ASSIGNMENT: In the records below, find the line containing "this 1920×1440 image.", then copy that line and all lines after it, exactly, omitting every picture.

TASK INPUTS:
--- START ---

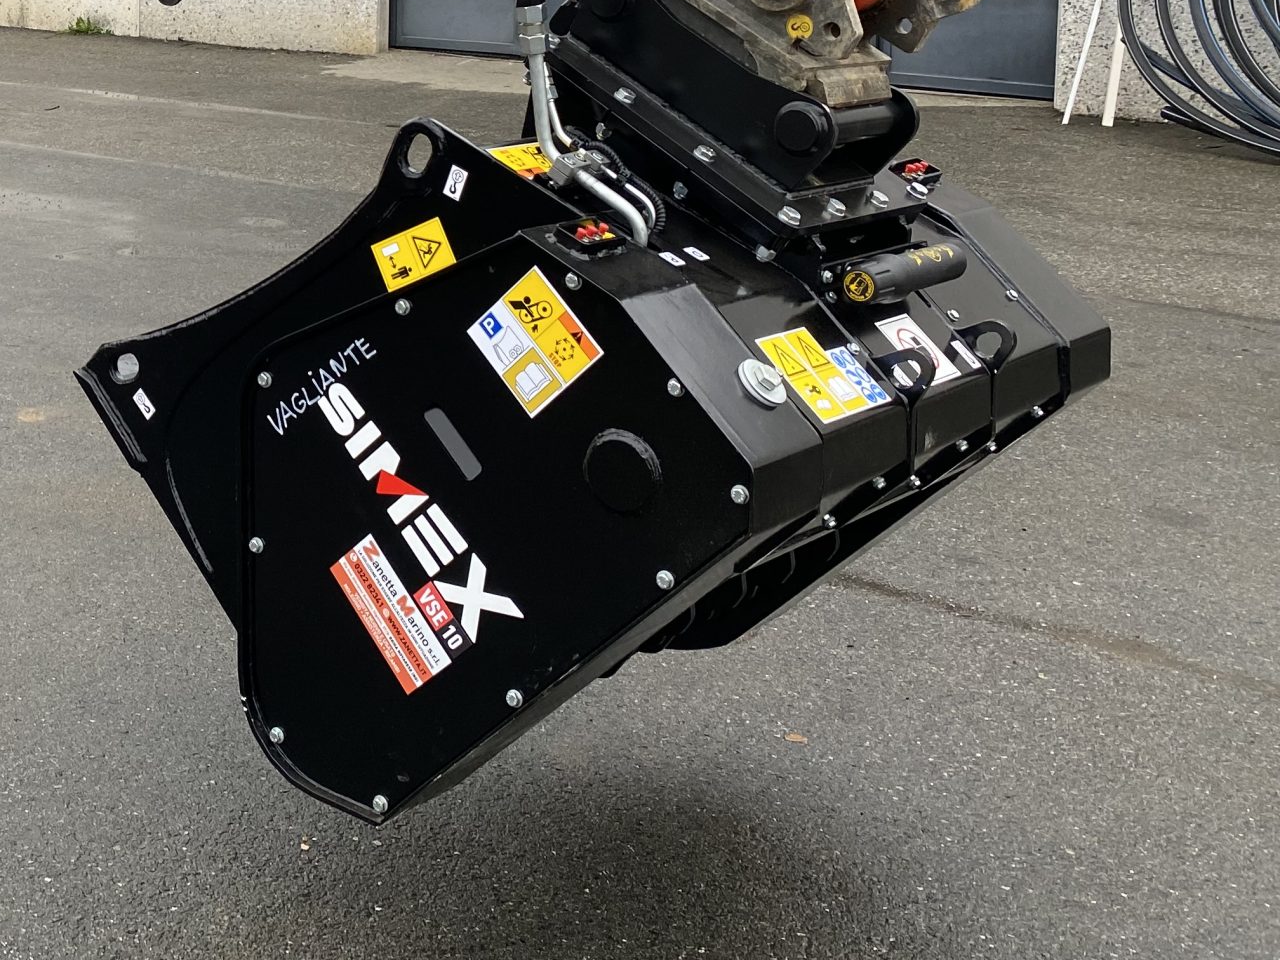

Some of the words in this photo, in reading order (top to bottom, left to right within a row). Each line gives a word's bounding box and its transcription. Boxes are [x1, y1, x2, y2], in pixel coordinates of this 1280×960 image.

[481, 317, 496, 336] P
[548, 352, 562, 368] STOP
[318, 382, 525, 644] SIMEX
[354, 563, 369, 586] 0322
[366, 583, 384, 608] 82341
[387, 616, 427, 676] WWW.ZANETTA.IT
[362, 540, 398, 598] Zanetta
[396, 594, 430, 647] Marino
[427, 647, 441, 666] s.r.l.
[419, 588, 449, 628] VSE
[441, 623, 463, 650] 10
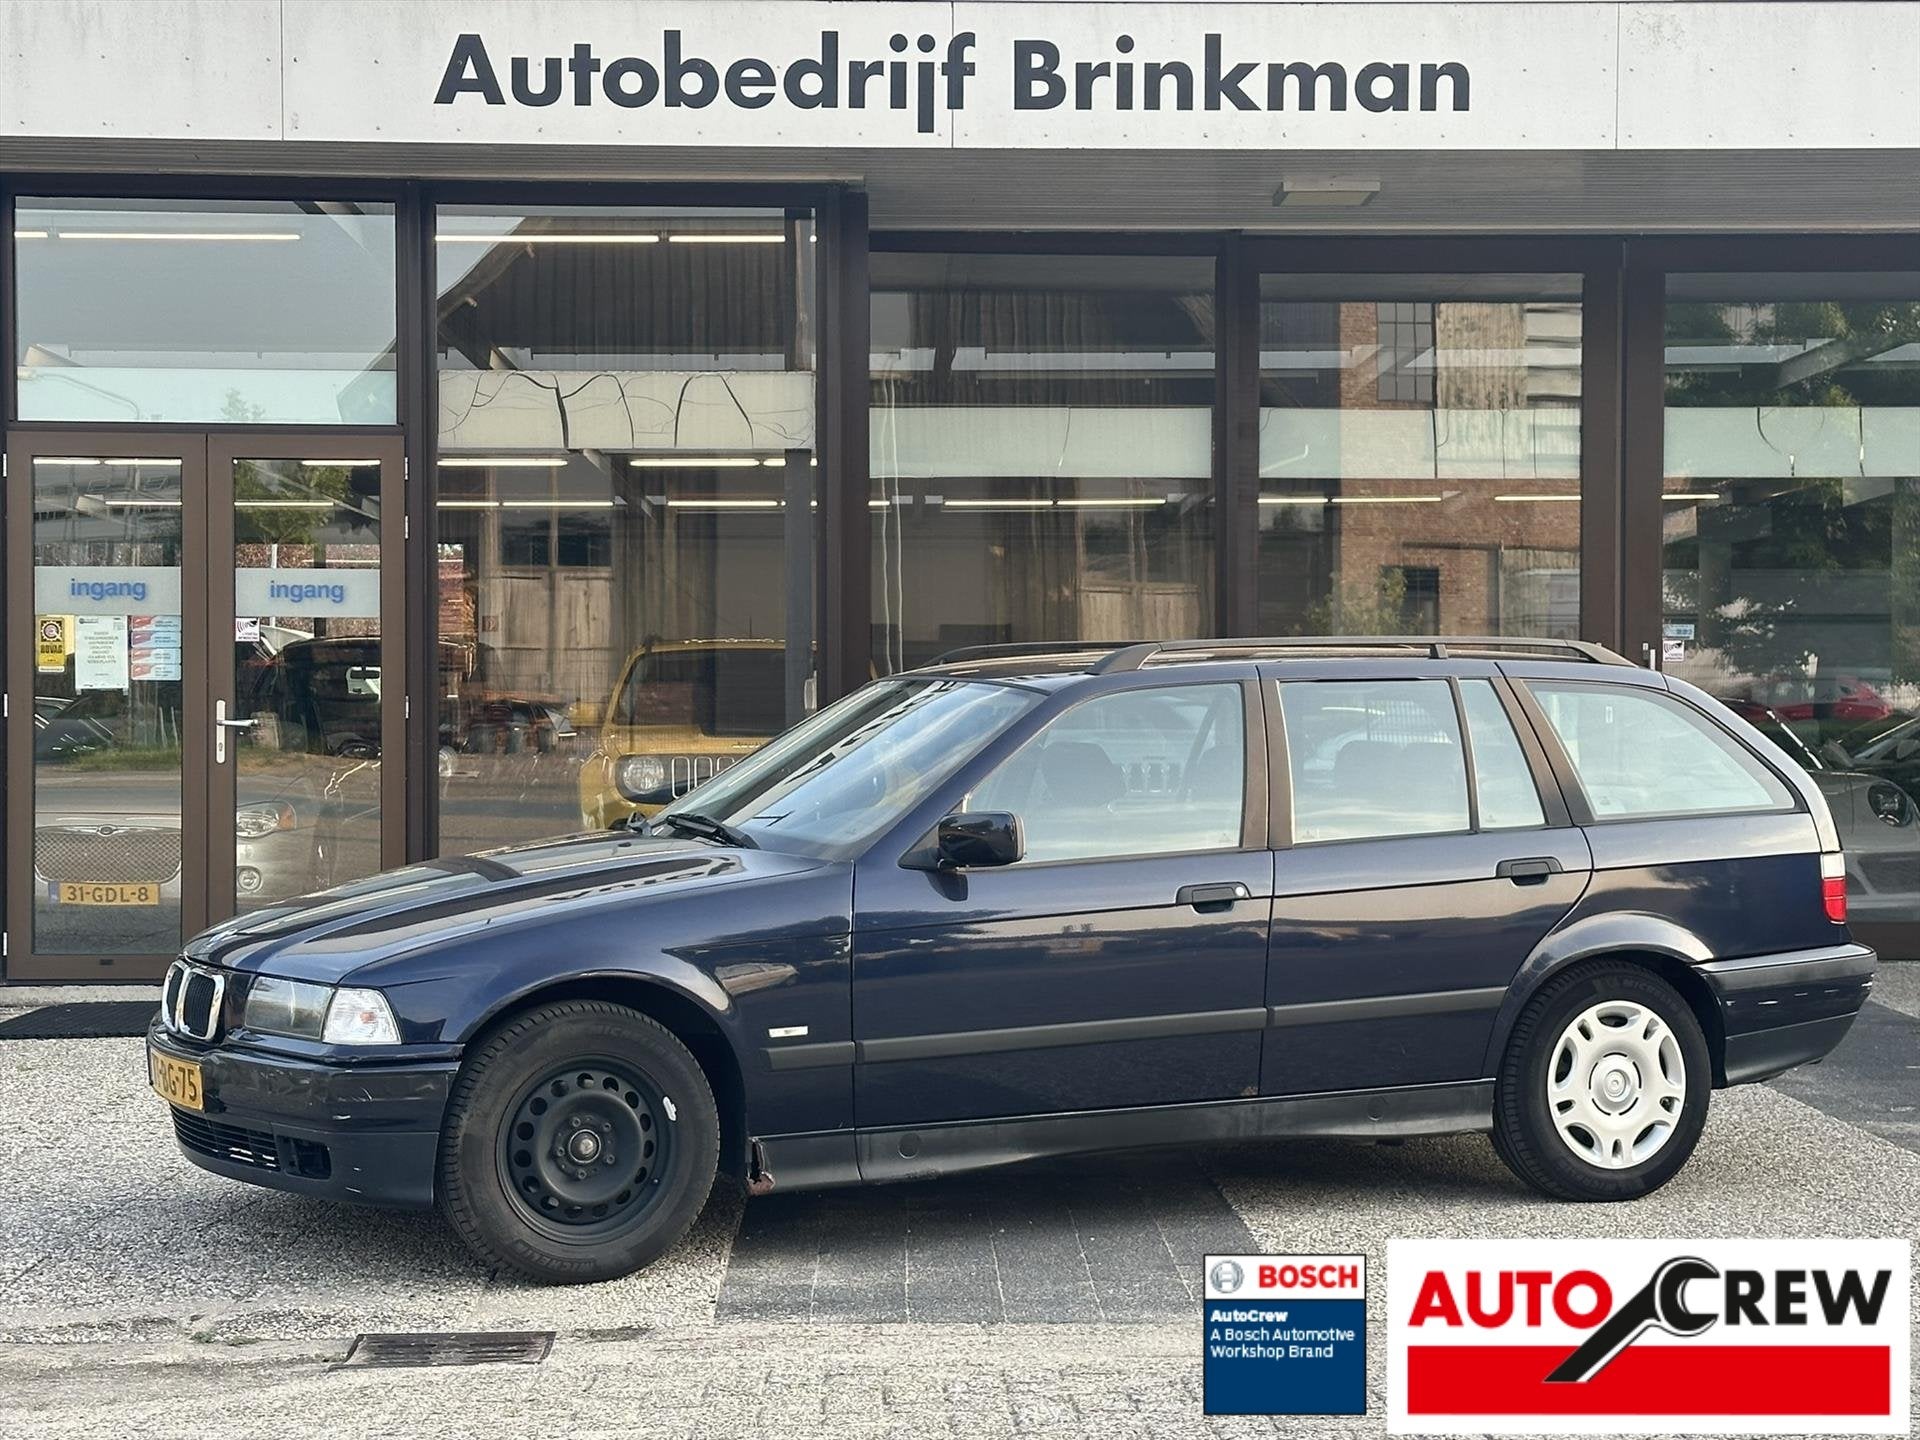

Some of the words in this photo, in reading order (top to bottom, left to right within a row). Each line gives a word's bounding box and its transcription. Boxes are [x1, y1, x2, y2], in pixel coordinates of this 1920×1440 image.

[434, 30, 976, 133] Autobedrijf
[1013, 35, 1470, 113] Brinkman
[70, 577, 147, 602] ingang
[269, 579, 346, 604] ingang
[67, 885, 150, 903] 31-GDL-8
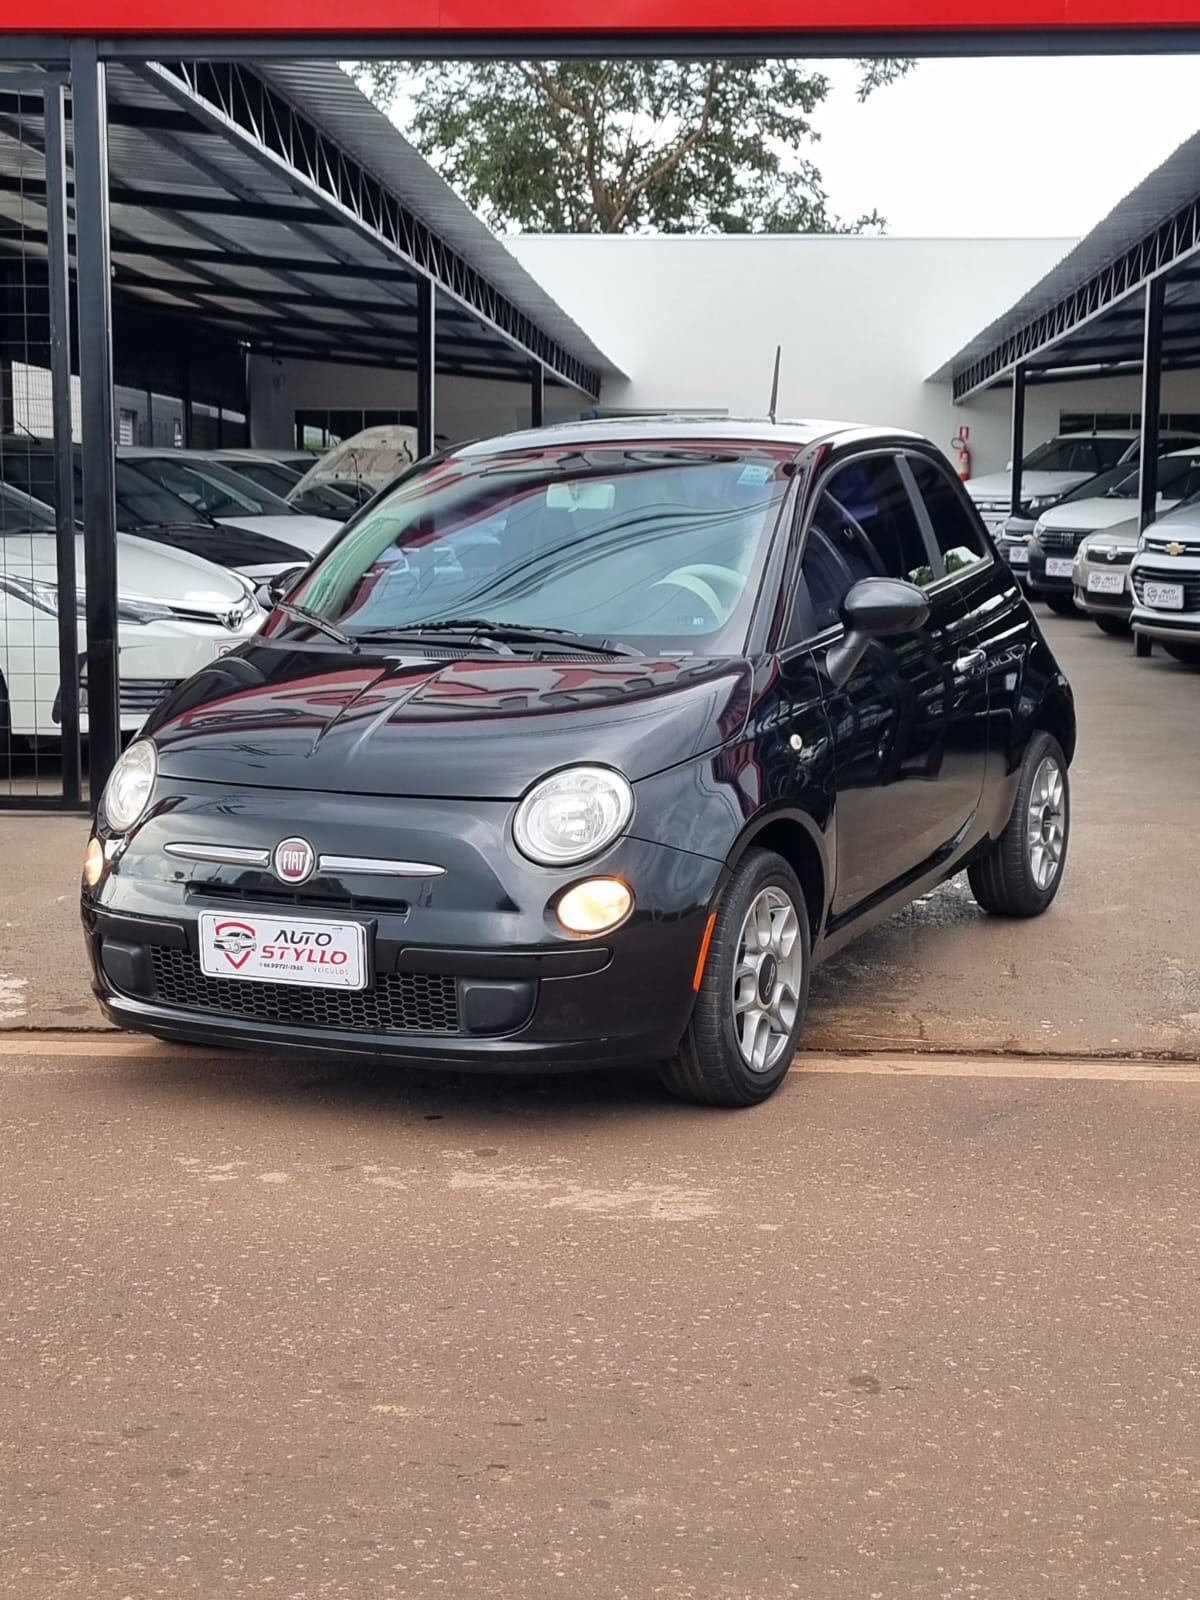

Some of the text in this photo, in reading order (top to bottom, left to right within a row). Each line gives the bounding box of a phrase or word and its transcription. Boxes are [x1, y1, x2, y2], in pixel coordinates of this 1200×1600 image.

--- END ---

RESULT BELOW:
Some of the words in this photo, in reading order (top to bottom, left to right within a row). Each line gives a word's bounding box and its transcription. Boxes are [x1, y1, x2, y2], in pixel coordinates of this 1920×1440 image.

[434, 30, 976, 133] Autobedrijf
[1013, 35, 1470, 113] Brinkman
[70, 577, 147, 602] ingang
[269, 579, 346, 604] ingang
[67, 885, 150, 903] 31-GDL-8

Some of the text in this photo, in reading order (top to bottom, left to right within a row). Each line gives the bounding box of a phrase or word and its transcription. Boxes are [x1, y1, x2, y2], in pixel coordinates of this 1200×1600 image.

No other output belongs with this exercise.